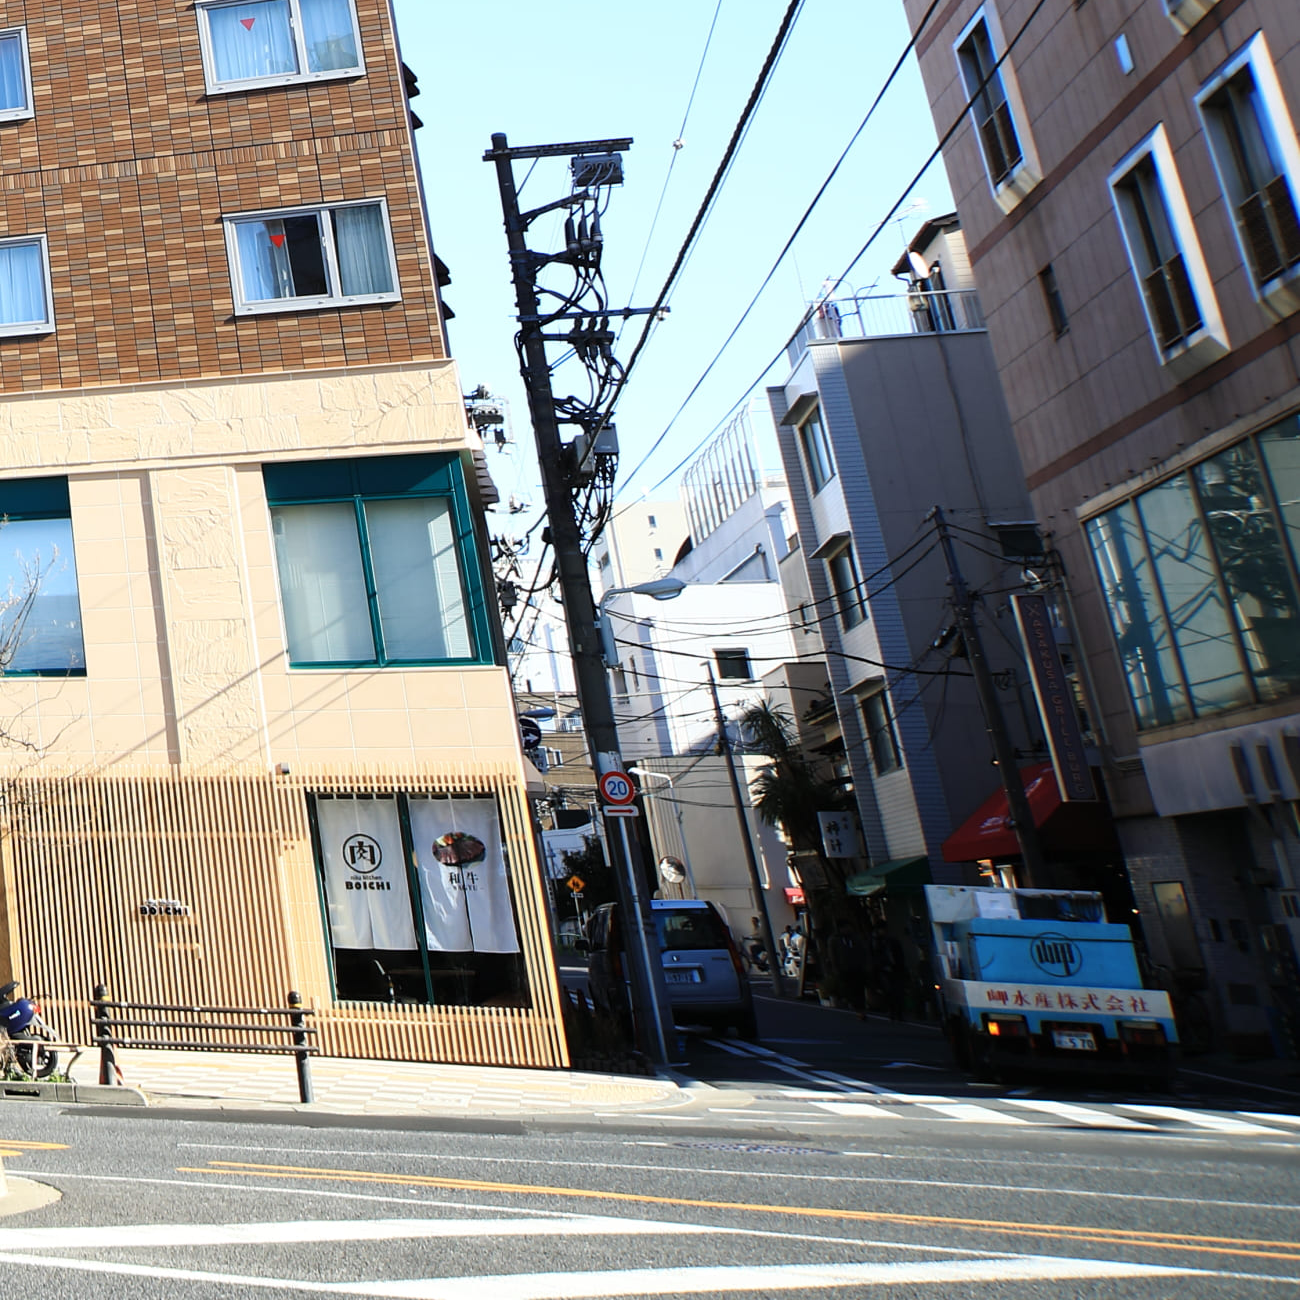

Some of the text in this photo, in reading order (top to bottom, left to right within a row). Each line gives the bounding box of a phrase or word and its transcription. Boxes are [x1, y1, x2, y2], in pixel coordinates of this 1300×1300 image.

[607, 780, 628, 796] 20
[449, 871, 479, 886] 和牛
[345, 881, 391, 891] BOICHI
[139, 906, 189, 916] BOICHI
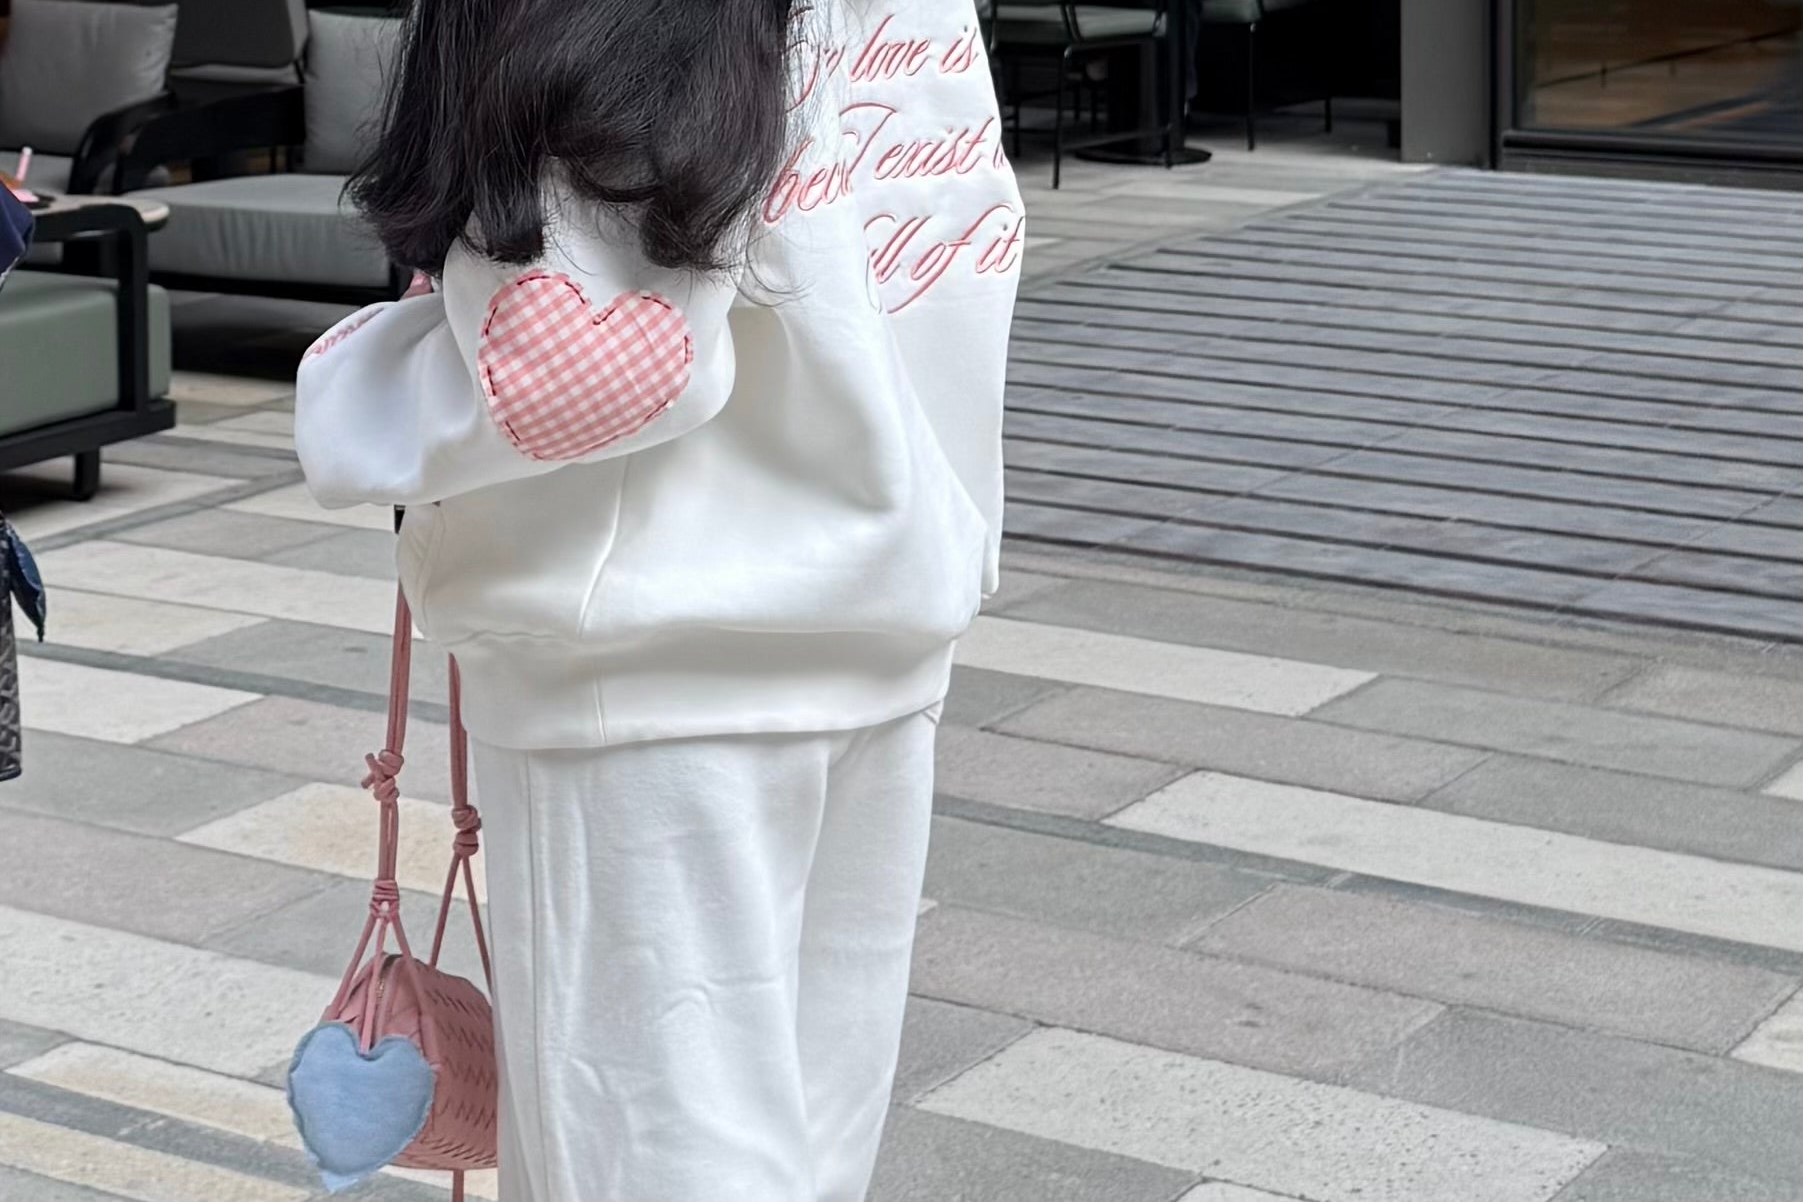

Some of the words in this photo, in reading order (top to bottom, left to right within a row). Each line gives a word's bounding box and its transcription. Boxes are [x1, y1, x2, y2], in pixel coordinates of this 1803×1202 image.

[849, 13, 930, 83] love
[938, 25, 978, 74] is
[873, 116, 997, 180] exist
[886, 202, 1014, 315] of
[974, 216, 1025, 274] it

◆ ◆ ◆

● Activity
Quote the listing above in full, except for the pictures.

● Answer to this problem
Some of the text in this photo, in reading order (top to bottom, left to right within a row). Each line gives the bounding box of a phrase or word and its transcription. Boxes are [x1, y1, x2, y2], in pixel coordinates of this 1300×1300 image.

[607, 780, 628, 796] 20
[449, 871, 479, 886] 和牛
[345, 881, 391, 891] BOICHI
[139, 906, 189, 916] BOICHI

Some of the words in this photo, in reading order (top to bottom, left to right within a row). Each line gives a word's bounding box and its transcription. Boxes are [x1, y1, x2, y2], in pixel coordinates of this 1803×1202 image.

[849, 13, 930, 83] love
[938, 25, 978, 74] is
[873, 116, 997, 180] exist
[886, 202, 1014, 315] of
[974, 216, 1025, 274] it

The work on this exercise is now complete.